### Task objective
Repeat all the data word for word.

(Exercise data)

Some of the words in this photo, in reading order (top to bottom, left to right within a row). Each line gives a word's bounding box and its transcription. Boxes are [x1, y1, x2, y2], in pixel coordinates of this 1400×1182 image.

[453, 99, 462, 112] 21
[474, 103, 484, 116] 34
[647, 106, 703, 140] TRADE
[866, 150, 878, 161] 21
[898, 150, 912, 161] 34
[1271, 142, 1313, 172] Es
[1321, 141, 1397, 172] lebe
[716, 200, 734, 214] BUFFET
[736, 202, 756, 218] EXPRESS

(End Exercise data)

### Exercise result
Some of the words in this photo, in reading order (top to bottom, left to right within a row). Each line gives a word's bounding box and its transcription. Boxes are [x1, y1, x2, y2], in pixel coordinates of this 1400×1182 image.

[453, 99, 462, 112] 21
[474, 103, 484, 116] 34
[647, 106, 703, 140] TRADE
[866, 150, 878, 161] 21
[898, 150, 912, 161] 34
[1271, 142, 1313, 172] Es
[1321, 141, 1397, 172] lebe
[716, 200, 734, 214] BUFFET
[736, 202, 756, 218] EXPRESS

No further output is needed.